---------- Records provided

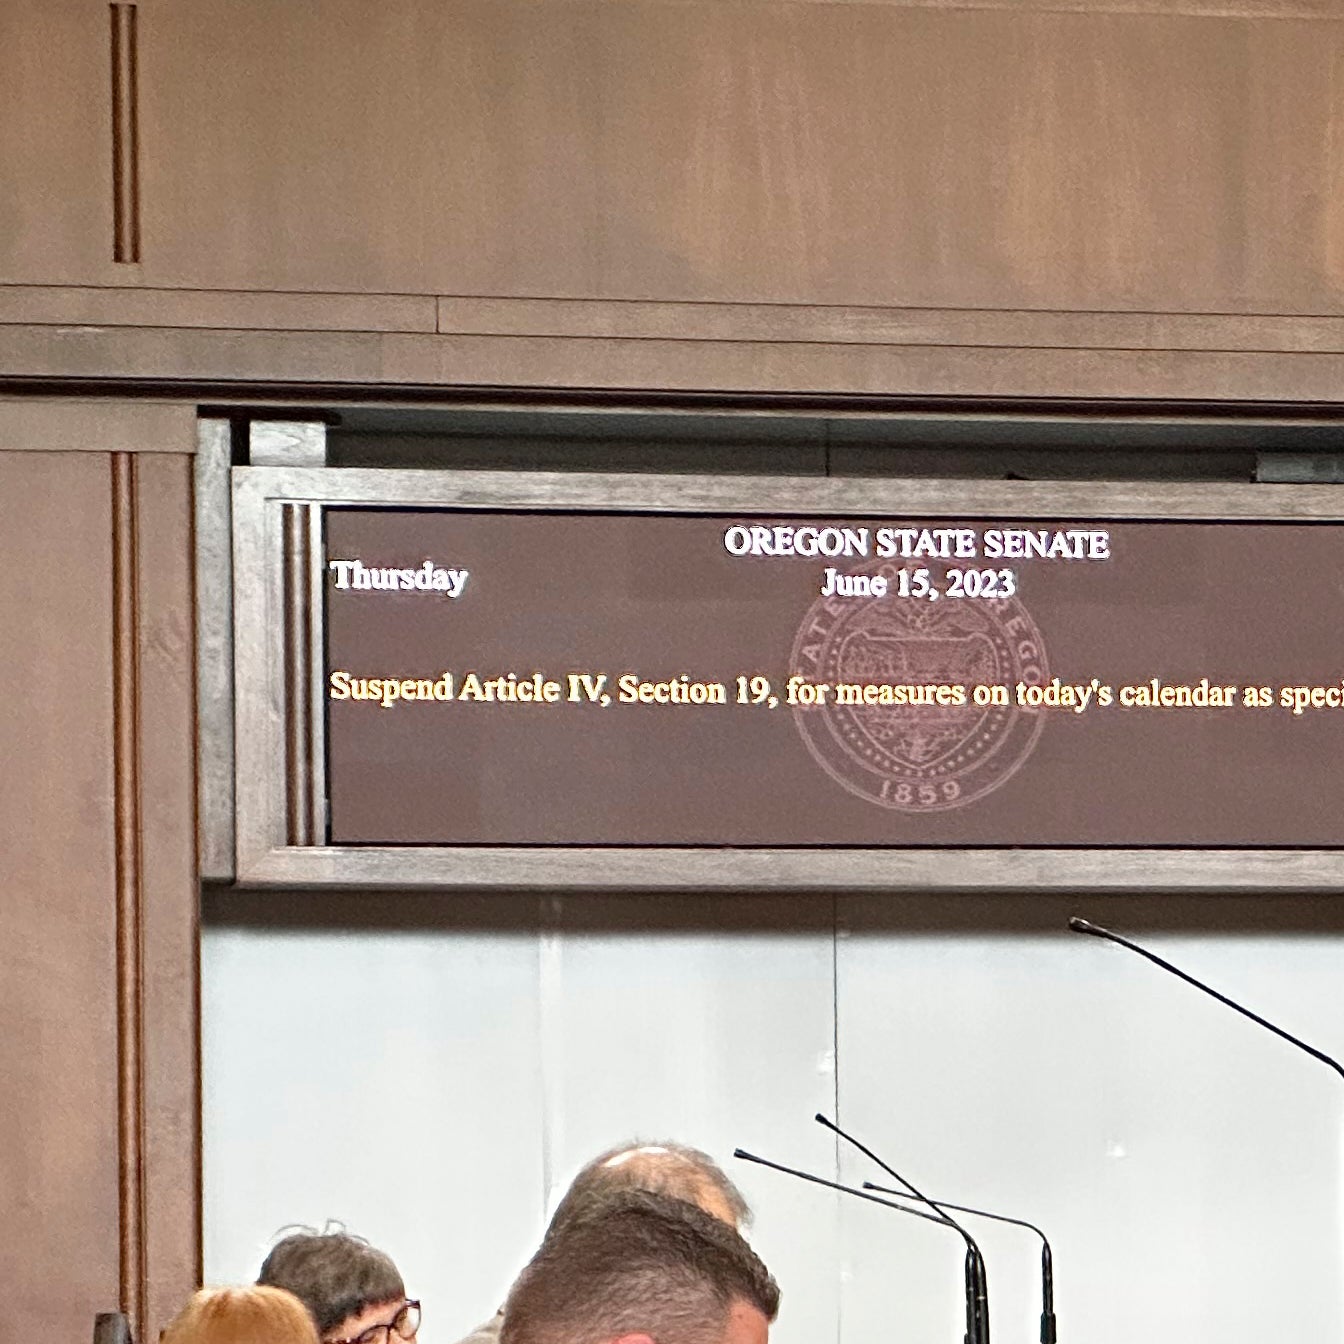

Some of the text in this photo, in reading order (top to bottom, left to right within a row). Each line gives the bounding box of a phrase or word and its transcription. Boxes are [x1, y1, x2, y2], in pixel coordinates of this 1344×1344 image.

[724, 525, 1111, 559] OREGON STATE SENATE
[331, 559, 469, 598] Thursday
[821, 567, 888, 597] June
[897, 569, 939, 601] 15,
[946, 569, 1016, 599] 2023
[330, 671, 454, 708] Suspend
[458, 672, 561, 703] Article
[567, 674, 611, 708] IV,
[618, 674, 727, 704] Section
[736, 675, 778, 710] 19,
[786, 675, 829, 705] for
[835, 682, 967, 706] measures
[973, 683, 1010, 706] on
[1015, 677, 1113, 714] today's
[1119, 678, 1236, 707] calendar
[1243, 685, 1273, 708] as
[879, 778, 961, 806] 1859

--------------------

* _Instructions to follow_:
When you print the entries, keep every line exactly as it is and drop the pictures.

* _Task response_:
Some of the text in this photo, in reading order (top to bottom, left to right within a row). Each line gives the bounding box of a phrase or word and its transcription. Boxes are [x1, y1, x2, y2], in pixel coordinates of this 1344×1344 image.

[724, 525, 1111, 559] OREGON STATE SENATE
[331, 559, 469, 598] Thursday
[821, 567, 888, 597] June
[897, 569, 939, 601] 15,
[946, 569, 1016, 599] 2023
[330, 671, 454, 708] Suspend
[458, 672, 561, 703] Article
[567, 674, 611, 708] IV,
[618, 674, 727, 704] Section
[736, 675, 778, 710] 19,
[786, 675, 829, 705] for
[835, 682, 967, 706] measures
[973, 683, 1010, 706] on
[1015, 677, 1113, 714] today's
[1119, 678, 1236, 707] calendar
[1243, 685, 1273, 708] as
[879, 778, 961, 806] 1859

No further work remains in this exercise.